PROBLEM TO SOLVE -
Could you give the entries back exactly as they stand, minus any pictures?

Saved entries:
....
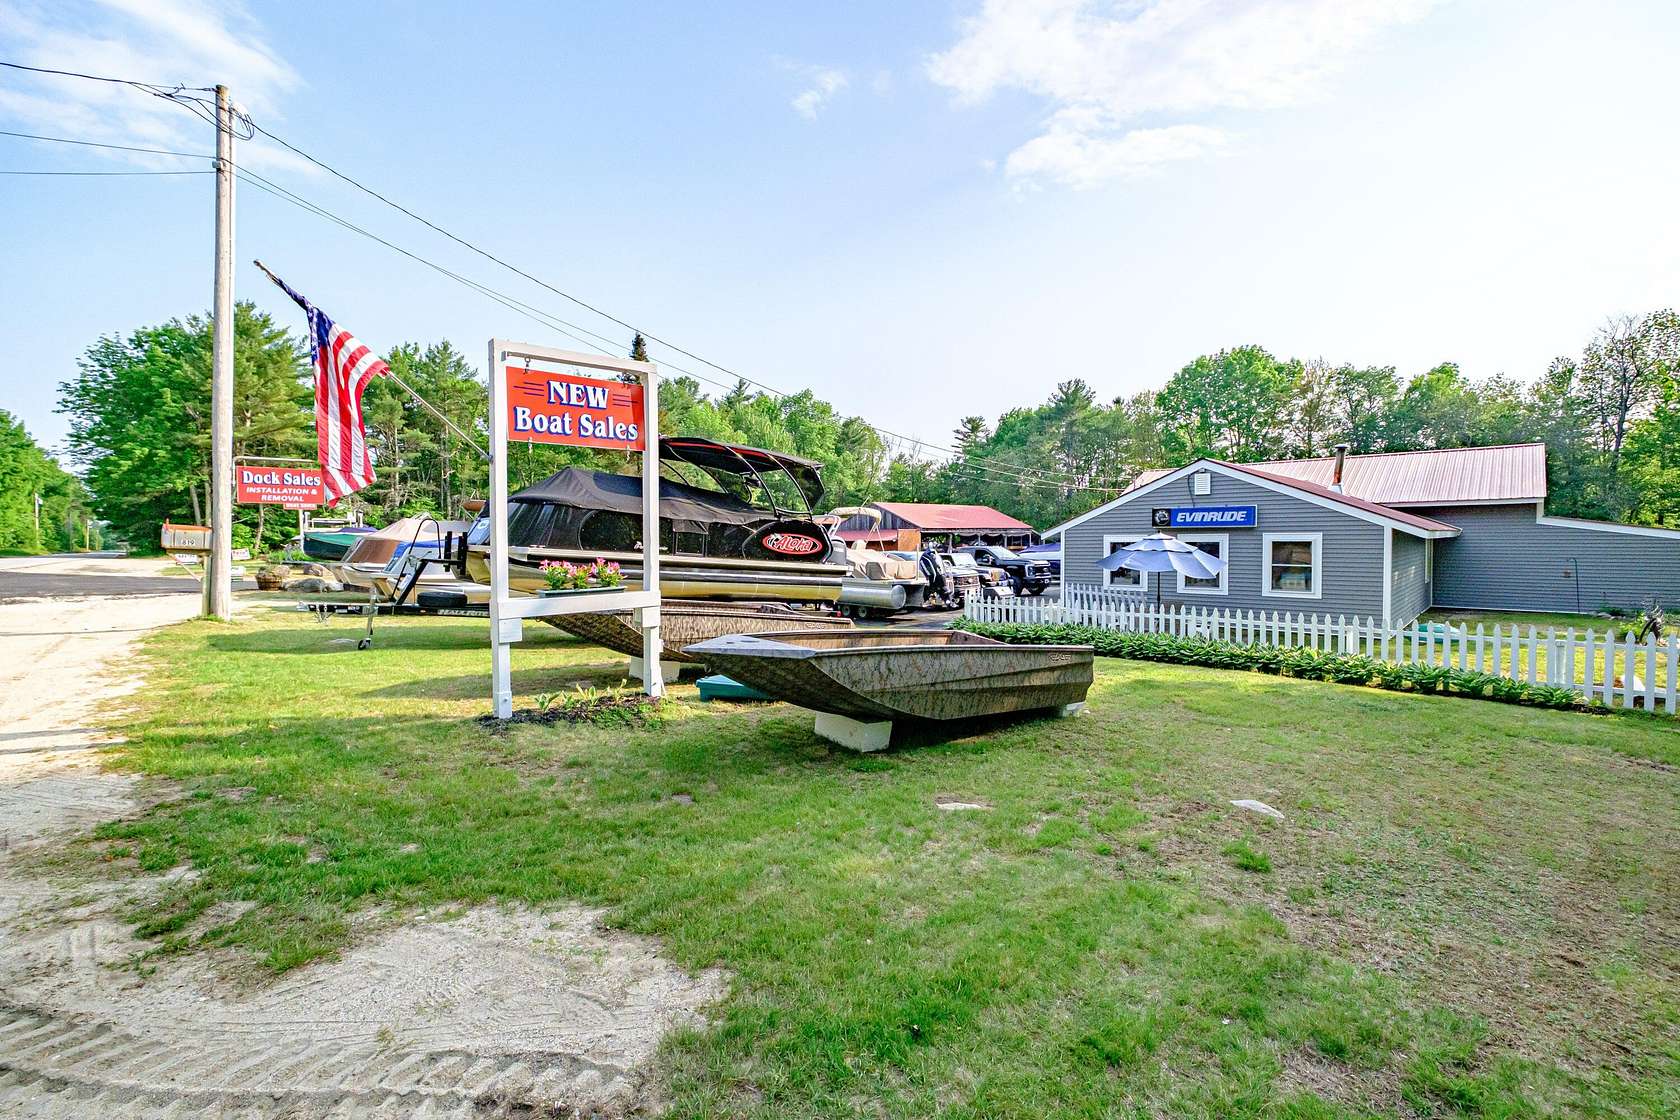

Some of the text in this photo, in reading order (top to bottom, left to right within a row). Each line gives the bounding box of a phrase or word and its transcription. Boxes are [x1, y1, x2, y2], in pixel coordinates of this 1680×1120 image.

[547, 380, 609, 409] NEW
[513, 405, 639, 441] Boat Sales
[242, 470, 321, 486] Dock Sales
[246, 486, 309, 495] INSTALLATION
[261, 494, 304, 502] REMOVAL
[1176, 511, 1248, 523] EVINRUDE
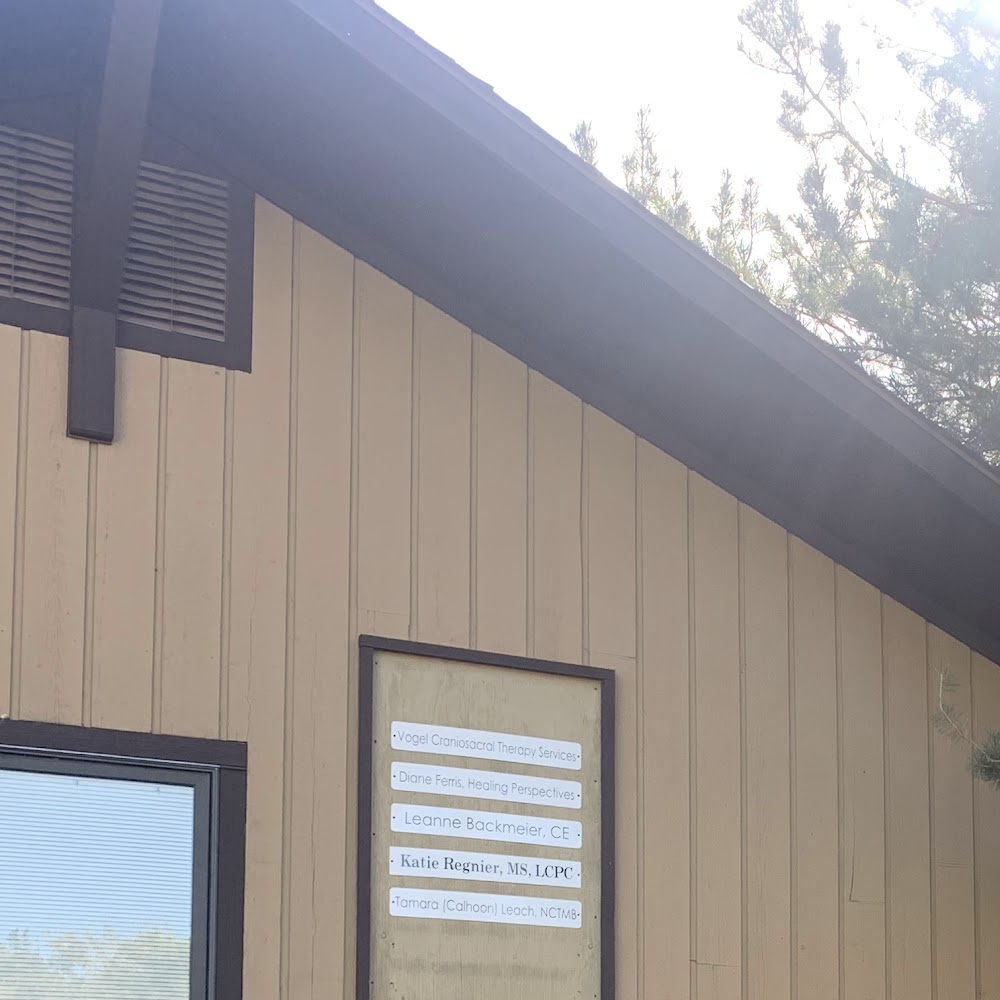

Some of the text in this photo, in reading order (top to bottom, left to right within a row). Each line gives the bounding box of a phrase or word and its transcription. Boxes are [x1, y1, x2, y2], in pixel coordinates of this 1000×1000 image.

[397, 730, 577, 762] Vogel Craniosacral Therapy Services
[399, 770, 432, 785] Diane
[468, 778, 509, 796] Healing
[511, 782, 575, 801] Perspectives
[405, 811, 570, 840] Leanne Backmeier, CE
[400, 854, 573, 880] Katie Regnier, MS, LCPC
[395, 895, 439, 910] Tamara
[442, 899, 498, 916] (Calhoon)
[540, 907, 577, 921] NCTMB
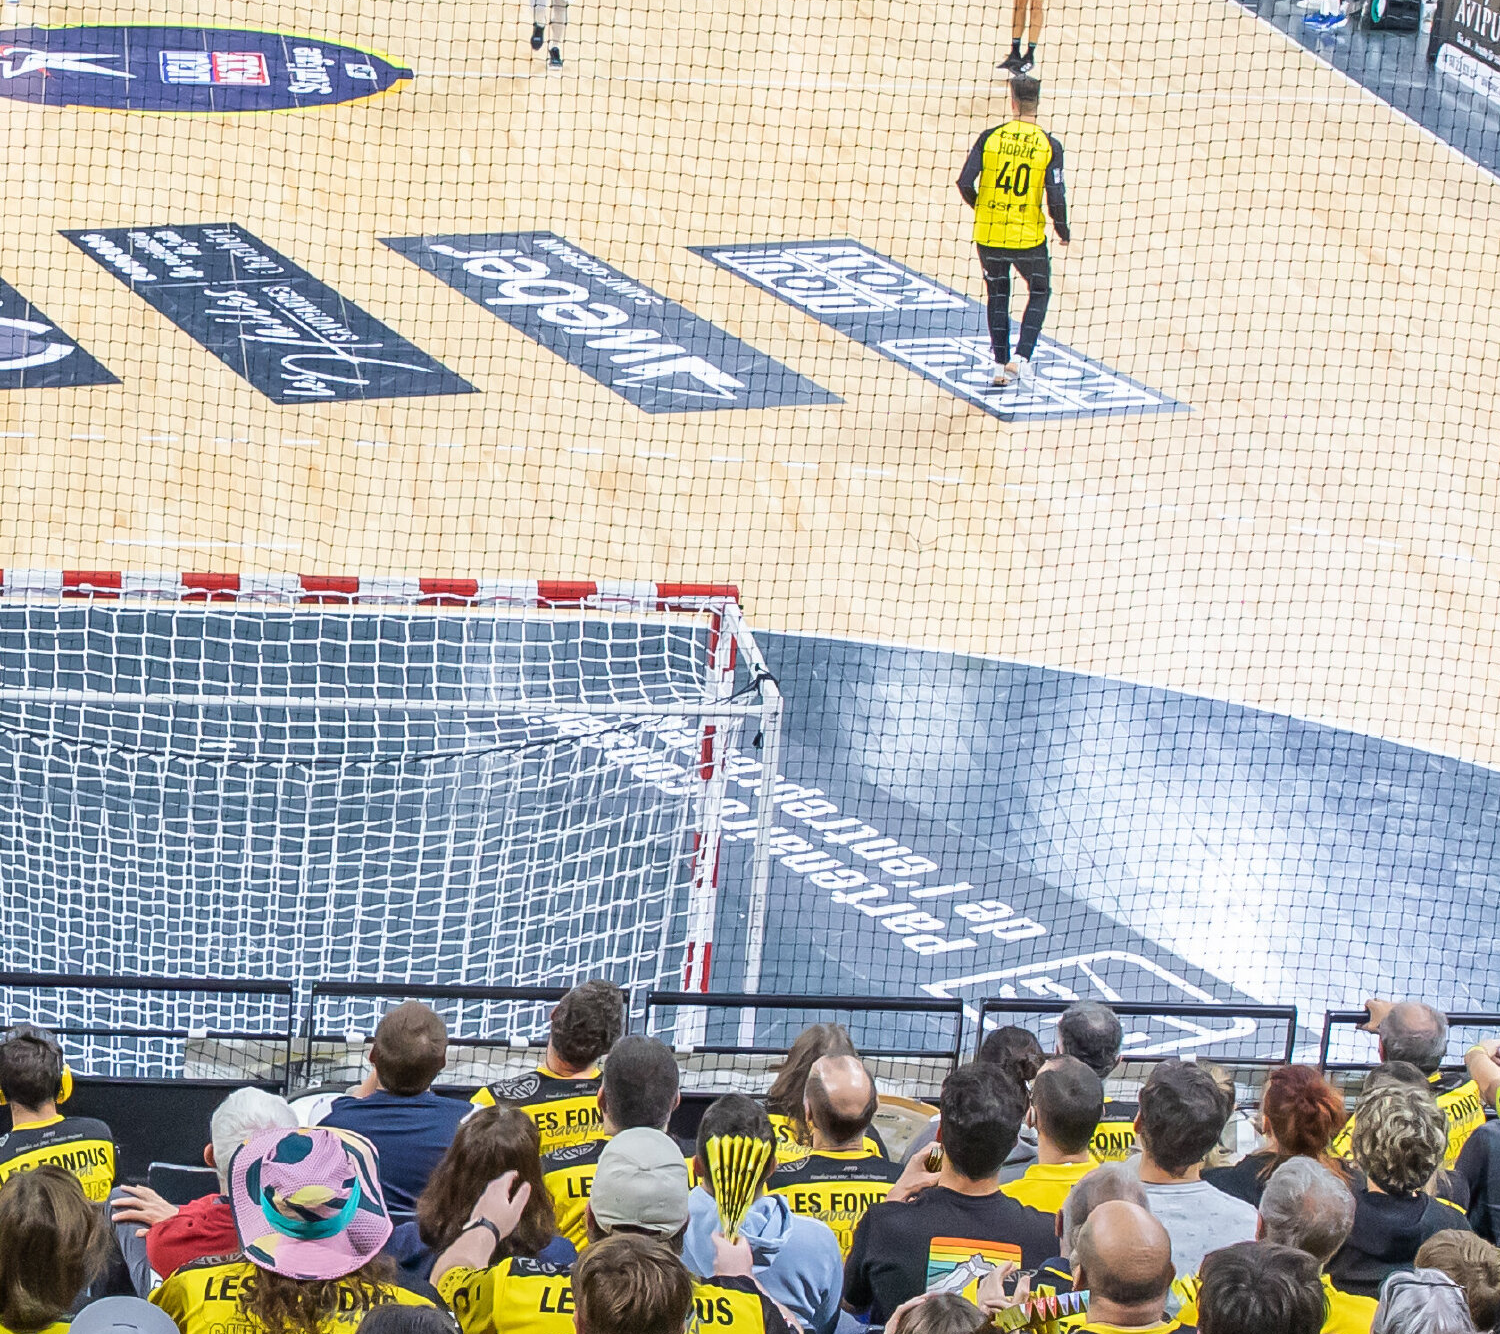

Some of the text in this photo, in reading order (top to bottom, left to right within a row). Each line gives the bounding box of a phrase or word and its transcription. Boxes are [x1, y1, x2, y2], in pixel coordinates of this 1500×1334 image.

[995, 161, 1031, 197] 40
[712, 252, 891, 314] LIQUI
[786, 246, 968, 310] MOLY
[257, 285, 364, 341] SAVOYARDES
[430, 243, 687, 365] weber
[205, 287, 434, 385] Halles
[953, 898, 1048, 942] de
[533, 1108, 603, 1132] ES FON
[1090, 1130, 1136, 1149] FOND
[566, 1176, 592, 1198] LE
[788, 1192, 888, 1214] LES FOND
[203, 1275, 254, 1302] LES
[539, 1286, 575, 1314] LE
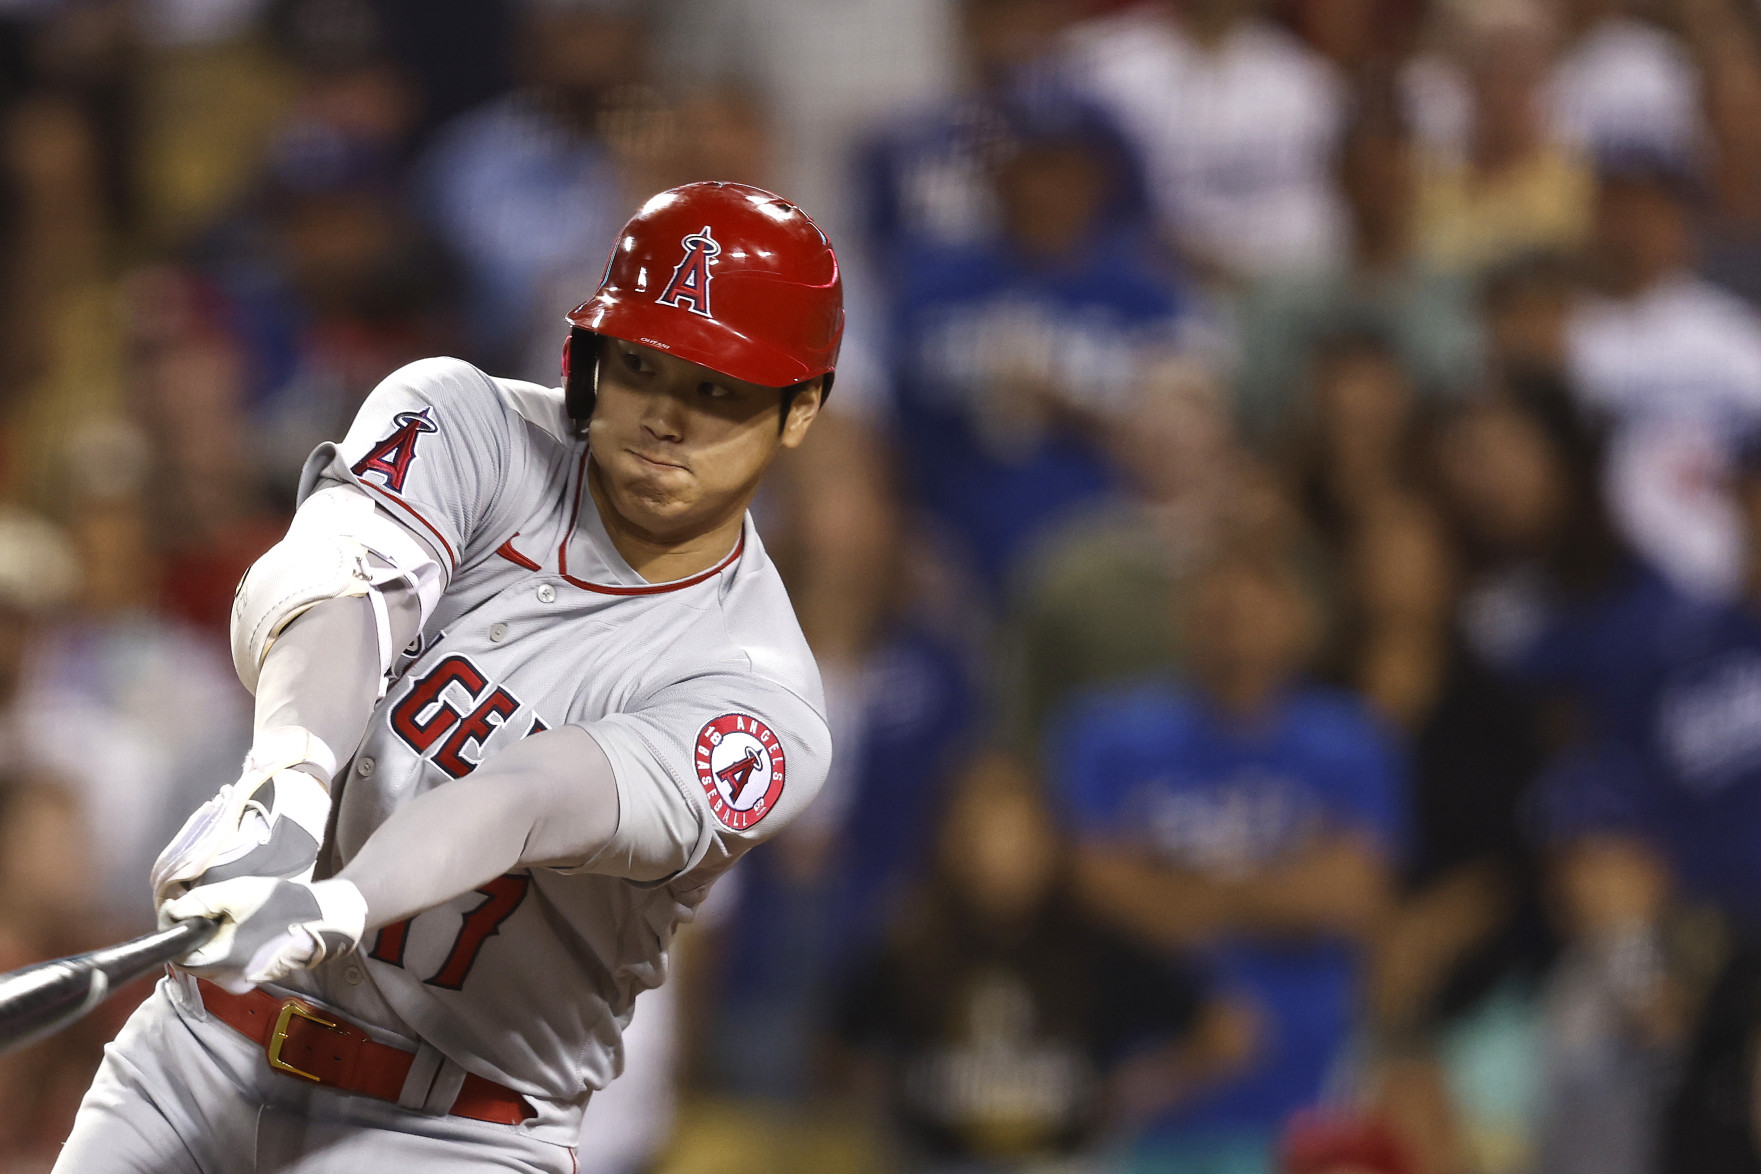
....
WRITTEN ANSWER -
Some of the text in this photo, in reading order (top to bottom, left to right within a row). Each line gives the bounding box of a phrase or word and its transcription. Boxes are [x1, y1, x2, y2], in pixel coordinates of this 1680×1120 image.

[547, 380, 609, 409] NEW
[513, 405, 639, 441] Boat Sales
[242, 470, 321, 486] Dock Sales
[246, 486, 309, 495] INSTALLATION
[261, 494, 304, 502] REMOVAL
[1176, 511, 1248, 523] EVINRUDE

Some of the text in this photo, in reading order (top to bottom, left to right within a row). Each line gives the bounding box of a phrase or word and its transcription. Boxes are [x1, y1, x2, y2], in pixel coordinates of this 1000×1000 image.

[397, 730, 577, 762] Vogel Craniosacral Therapy Services
[399, 770, 432, 785] Diane
[468, 778, 509, 796] Healing
[511, 782, 575, 801] Perspectives
[405, 811, 570, 840] Leanne Backmeier, CE
[400, 854, 573, 880] Katie Regnier, MS, LCPC
[395, 895, 439, 910] Tamara
[442, 899, 498, 916] (Calhoon)
[540, 907, 577, 921] NCTMB

Some of the text in this photo, in reading order (top to bottom, left to right within a row). Each line gives the bounding box of a phrase or word and its transcription. Boxes are [x1, y1, x2, y2], in pixel coordinates of this 1500×1334 image.

[995, 161, 1031, 197] 40
[712, 252, 891, 314] LIQUI
[786, 246, 968, 310] MOLY
[257, 285, 364, 341] SAVOYARDES
[430, 243, 687, 365] weber
[205, 287, 434, 385] Halles
[953, 898, 1048, 942] de
[533, 1108, 603, 1132] ES FON
[1090, 1130, 1136, 1149] FOND
[566, 1176, 592, 1198] LE
[788, 1192, 888, 1214] LES FOND
[203, 1275, 254, 1302] LES
[539, 1286, 575, 1314] LE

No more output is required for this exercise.